Session IV - Pelvis
Morel-Lavallee Lesions Treated with Debridement and Dead Space Closure
DuWayne A. Carlson, MD; Julia Simmons, RN; William Sando, MD; Timothy G. Weber, MD; Orthopaedics Indianapolis and Methodist Hospital, Indianapolis, Indiana, USA
Purpose: Numerous methods of treating closed or open degloving injuries (Morel-Lavallee lesions) have been reported. The currently recommended technique uses multiple debridements with ultimate skin grafting or healing by secondary intervention. A protocol has been developed at our institution that involves a single operative intervention for closed and acute open injuries.
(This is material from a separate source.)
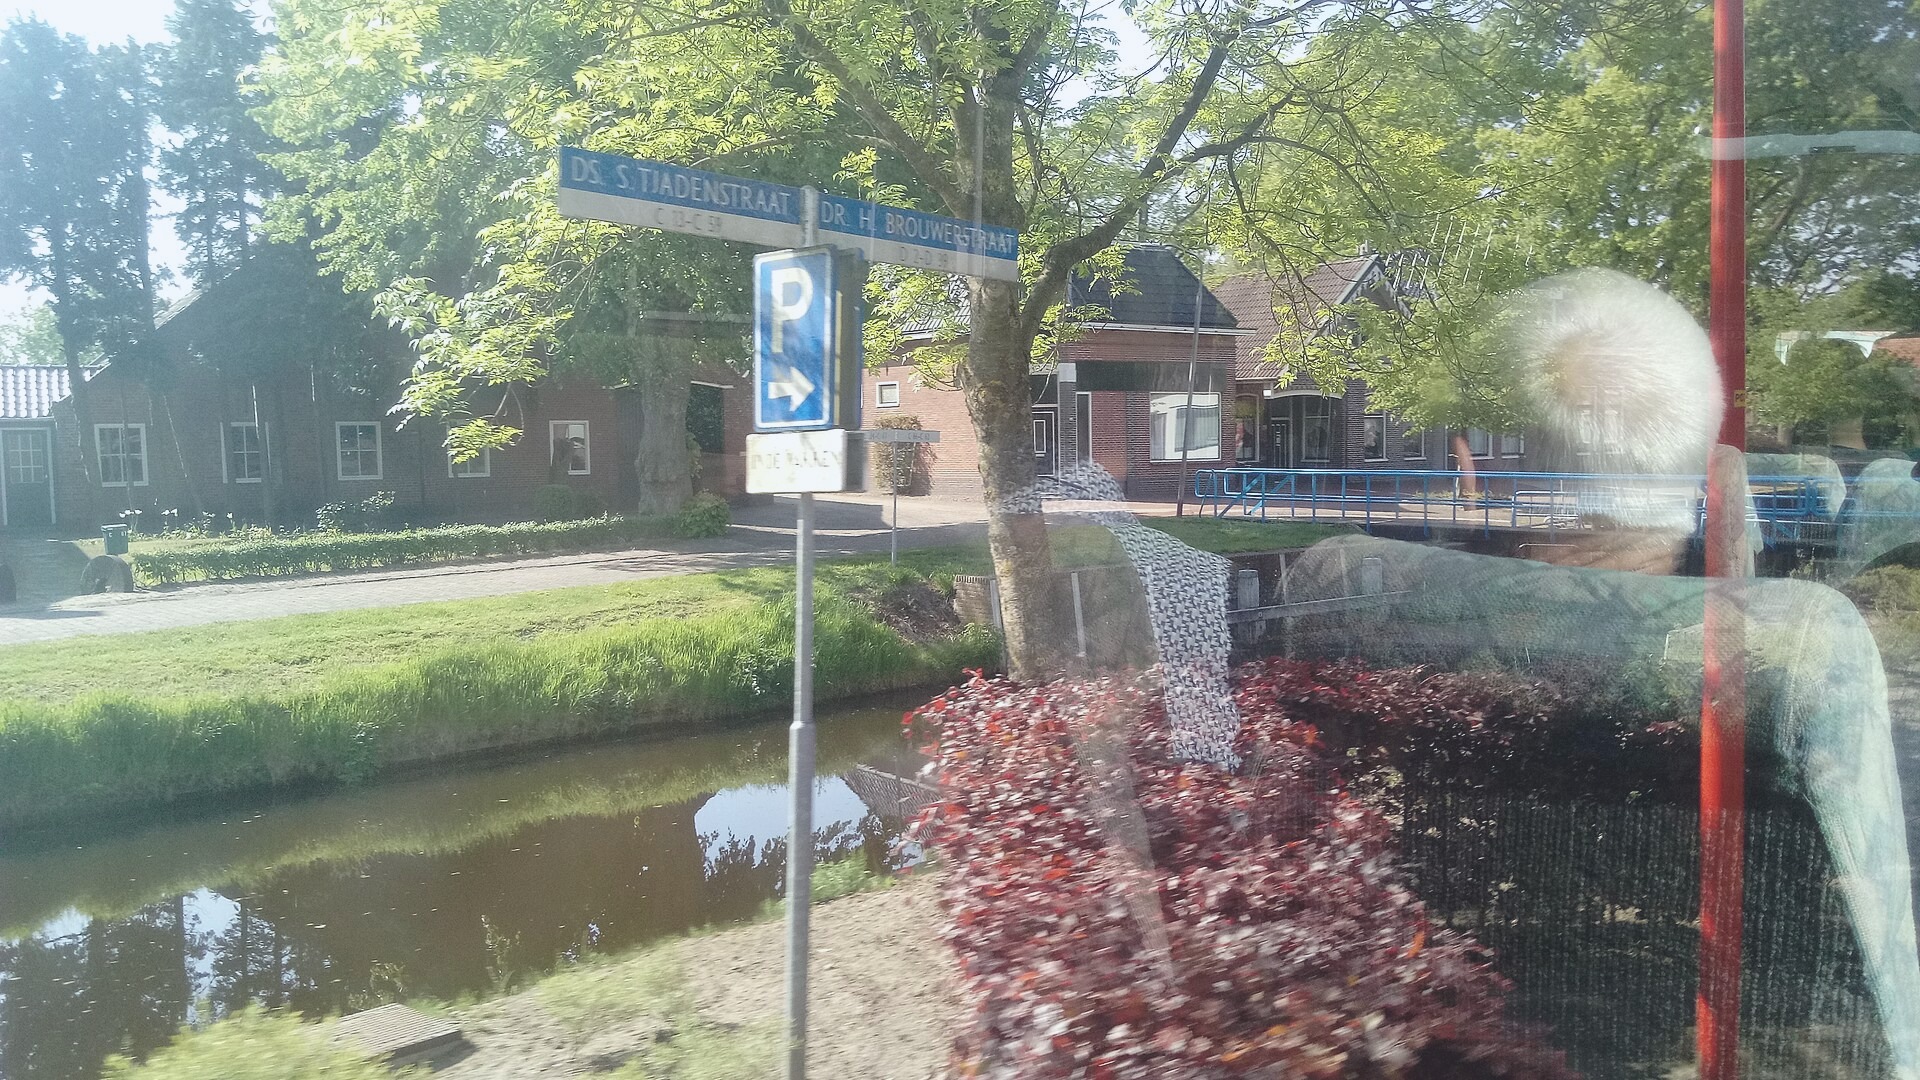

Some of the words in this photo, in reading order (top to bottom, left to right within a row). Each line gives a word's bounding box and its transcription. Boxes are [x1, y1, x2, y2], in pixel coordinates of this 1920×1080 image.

[638, 167, 790, 215] TJADENSTRAAT
[886, 212, 1014, 254] BROUWERSTRAAT
[771, 267, 813, 353] P
The purpose of this study was to retrospectively evaluate the efficacy of this treatment protocol for Morel-Lavallee lesions.
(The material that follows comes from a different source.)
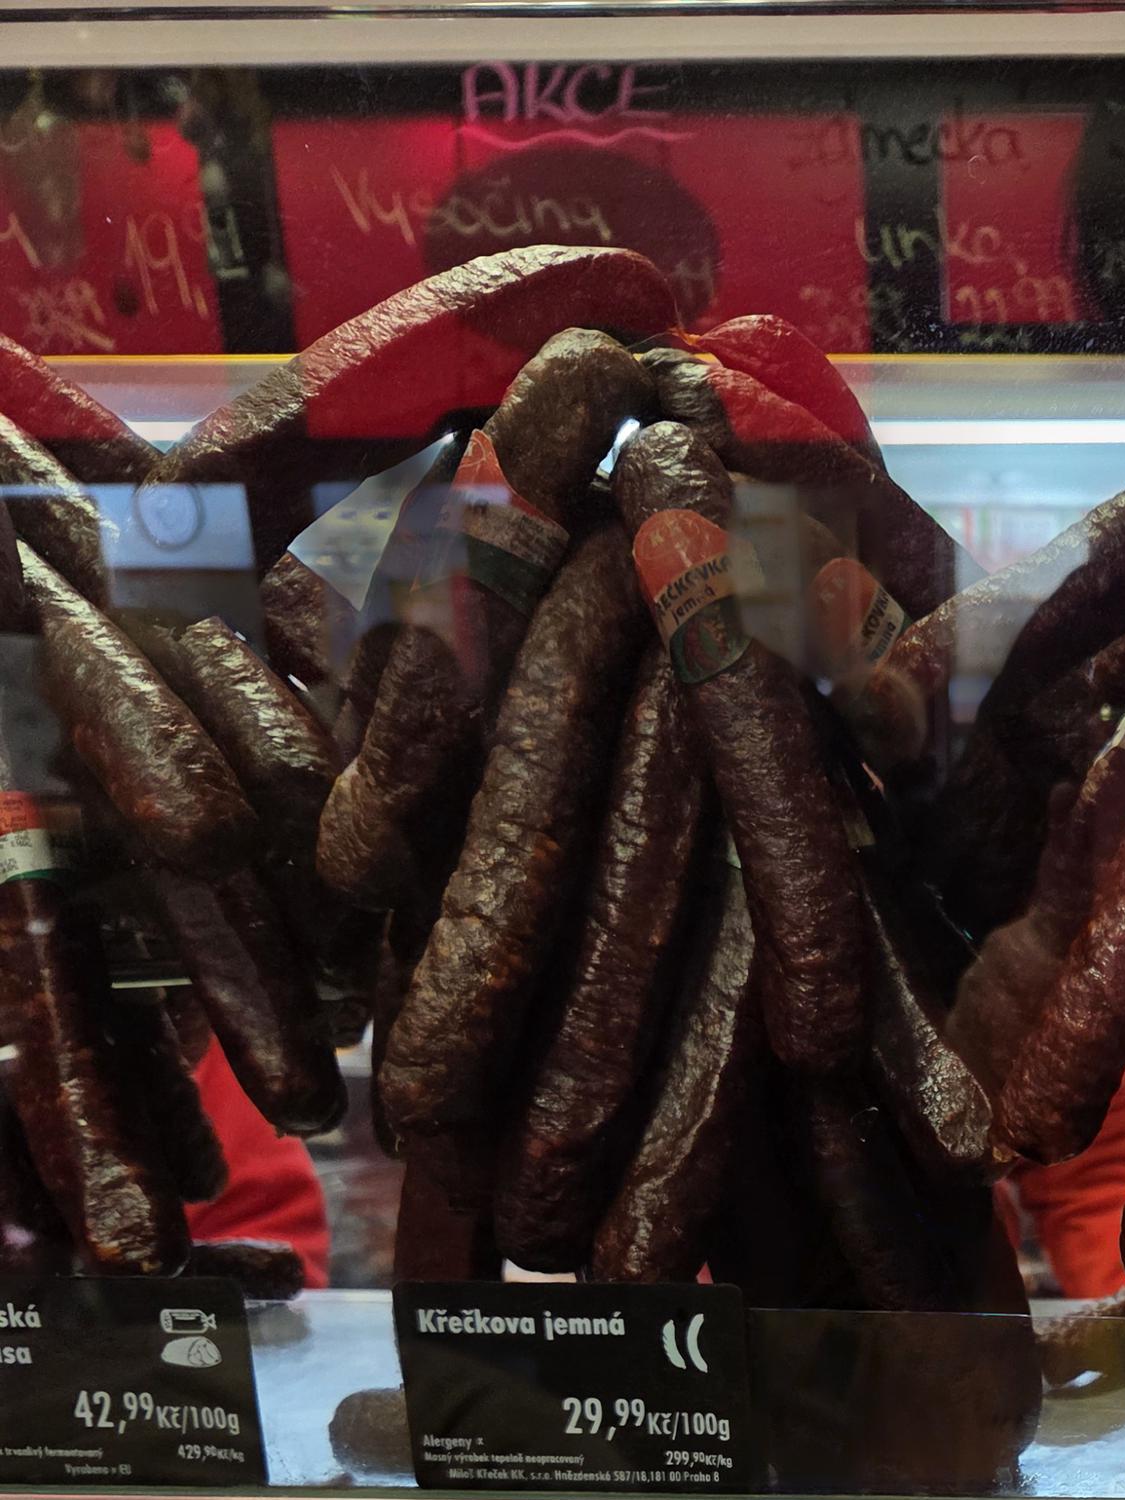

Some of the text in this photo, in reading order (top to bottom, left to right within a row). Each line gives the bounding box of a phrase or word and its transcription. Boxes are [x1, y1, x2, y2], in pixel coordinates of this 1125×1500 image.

Methods: Open lesions were treated the day of injury, and closed lesions were treated either at the time of fracture fixation or on a delayed basis if not in the operative field. Debridement removed all nonviable tissue. Closure was meticulous in eliminating the dead space by using sutures from fascia to the fat layer, dermis, or through the skin, with dental bolsters placed every 4 to 5 sq. cm. Drains were left in place until dry. Lesions that were open and infected on transfer of care were treated with two debridements and antibiotics until the drains were discontinued. Routine closure was performed at the second debridement.
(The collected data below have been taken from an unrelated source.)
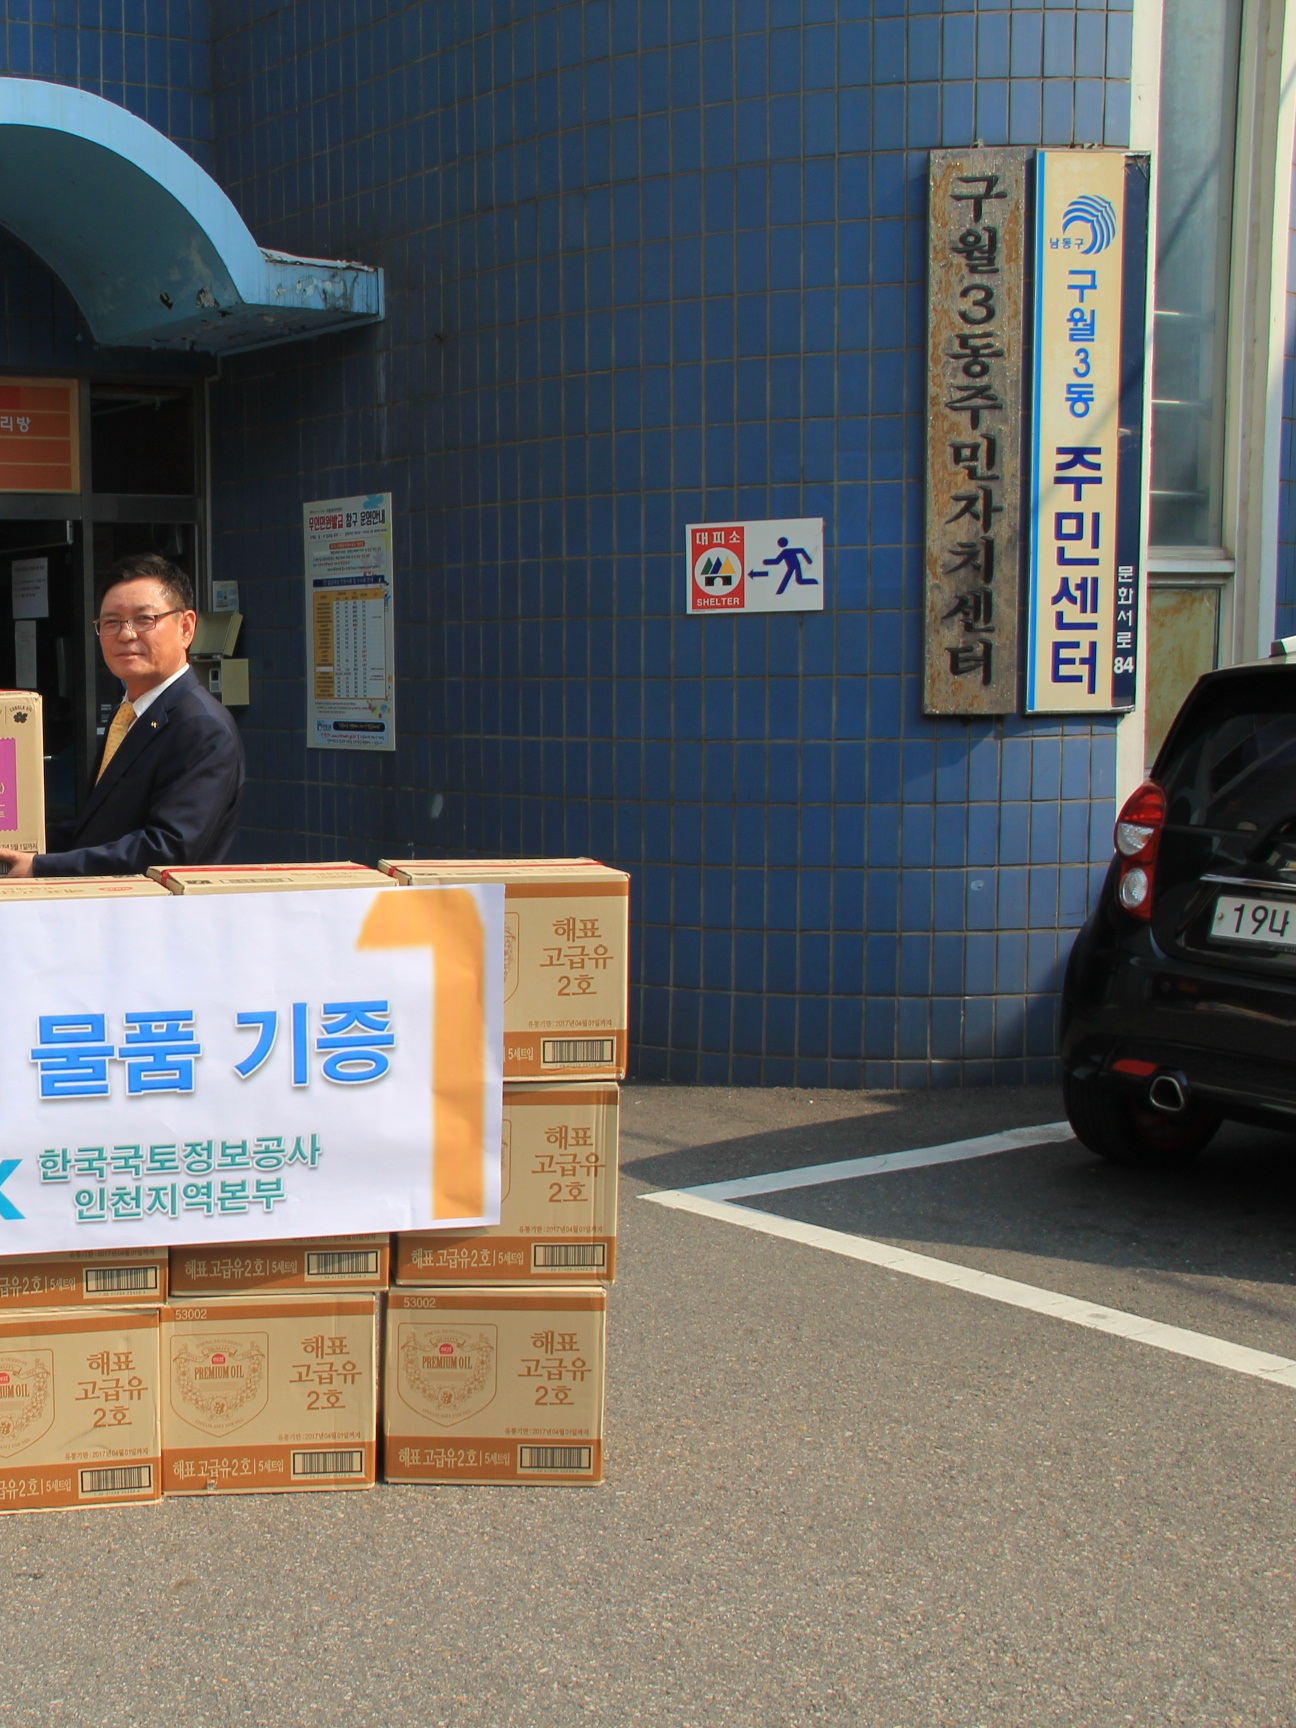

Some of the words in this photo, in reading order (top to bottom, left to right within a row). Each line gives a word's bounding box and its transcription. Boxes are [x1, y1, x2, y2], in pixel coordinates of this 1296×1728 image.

[1050, 238, 1084, 249] 남동구
[1065, 269, 1097, 418] 구월3동
[696, 531, 740, 545] 대피소
[1051, 446, 1103, 694] 주민센터
[697, 597, 740, 606] SHELTER
[1117, 565, 1134, 649] 문화서로
[1113, 656, 1134, 674] 84
[552, 917, 601, 942] 해표
[540, 944, 614, 970] 고급유
[557, 974, 597, 996] 2호
[28, 1008, 203, 1100] 물품
[232, 999, 397, 1088] 기증
[545, 1125, 593, 1150] 해표
[37, 1133, 323, 1183] 한국국토정보공사
[531, 1152, 605, 1177] 고급유
[73, 1178, 287, 1224] 인천지역본부
[549, 1181, 588, 1203] 2호
[175, 1309, 207, 1320] 53002
[404, 1297, 436, 1308] 53002
[301, 1335, 350, 1359] 해표
[531, 1330, 580, 1355] 해표
[86, 1351, 135, 1375] 해표
[194, 1365, 229, 1380] PREMIUM
[231, 1365, 244, 1379] OIL
[289, 1360, 362, 1385] 고급유
[422, 1355, 458, 1369] PREMIUM
[459, 1355, 472, 1369] OIL
[518, 1357, 592, 1382] 고급유
[16, 1384, 30, 1398] OIL
[75, 1376, 148, 1402] 고급유
[306, 1389, 346, 1411] 2호
[535, 1385, 574, 1406] 2호
[93, 1406, 132, 1428] 2호
Results: Fifteen Morel-Lavallee lesions were found in 14 patients, 7 men and 7 women with a mean age of 36 years. Locations of the lesions included lateral thigh to trochanter, 11; medial thigh, 2; anterior pelvis, 1; and presacral, 1. Six lesions were open and nine were closed. Three of the six open lesions were initially treated by other surgeons and were infected on initial evaluation. One closed injury was treated with percutaneous drainage and with percutaneous skin-to-fascia sutures. This wound became secondarily infected and was treated by using the open infected protocol. Each wound went on to full healing without infection. Two wounds had local wound problems that healed with only local wound care. One of these two wounds was evaluated in the operating room because of possible deep extension but was found to be locally limited.
Discussion: Morel-Lavallee lesion management with aggressive debridement and meticulous dead space obliteration appears to be a very viable option. This approach may avoid multiple trips to the operating room for redebridement associated with currently used treatment protocols.